Employees aren’t always good at recognizing when they’re burned out, and they may be reluctant to communicate their feelings to you. Keep an eye out for uncharacteristic behaviors such as:
- Snapping or snarking at others
- Physical signs of exhaustion
- Negative comments
- Holding grudges
- Trouble with problem-solving
If you recognize signs of burnout among your employees, call a meeting right away. If just one employee appears burned out, a private meeting may be appropriate. But if you get the sense that burnout is becoming pervasive, schedule a group meeting instead. Talk through the current situation with your employees, encouraging them to speak openly about what’s going on. Together, figure out ways to change things in the workplace to take some of the stress off of everyone. Also, offer individual help, such as referrals to your employee assistance program.
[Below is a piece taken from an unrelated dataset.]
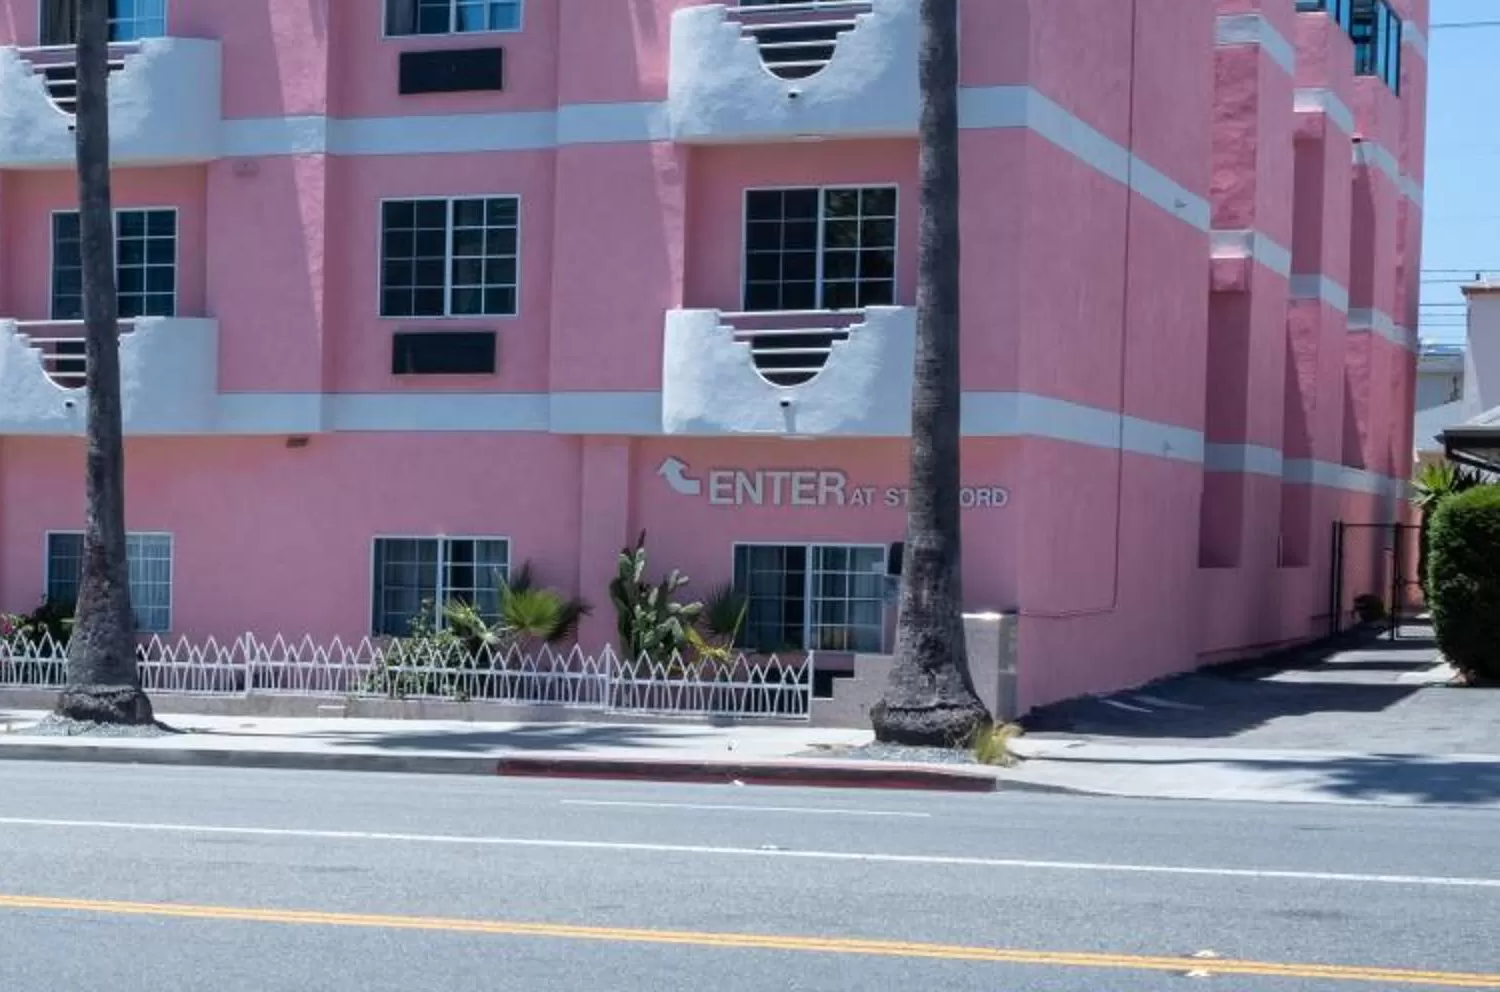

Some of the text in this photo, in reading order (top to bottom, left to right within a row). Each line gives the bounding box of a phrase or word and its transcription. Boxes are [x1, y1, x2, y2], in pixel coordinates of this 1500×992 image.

[708, 470, 1008, 508] ENTER AT STORD
Moving forward, make feedback a priority. Actively solicit ideas from your employees, and encourage them to draw attention to anything that doesn’t seem right. Schedule a monthly check-in with each team member to discuss any emerging issues. We suspect a continuous feedback loop will be a workplace trend for 2022.
Encourage teamwork. Think of new ways to spread out the workload and bring people together around common goals. Connect each assignment to the company’s larger goals to help each employee feel a stronger sense of purpose. When possible, assign tasks that play to each team member’s strengths.
It is also common for many larger companies to offer a stepping stone career. These are typically 1-2 year posts that allow employees to experience various parts of the business. It allows for broader management responsibility and reduces burnout and boredom.
Burnout can be serious, with major impacts to both the employee and the company. But proactive management can help alleviate burnout when it occurs and make it less likely to recur in the future.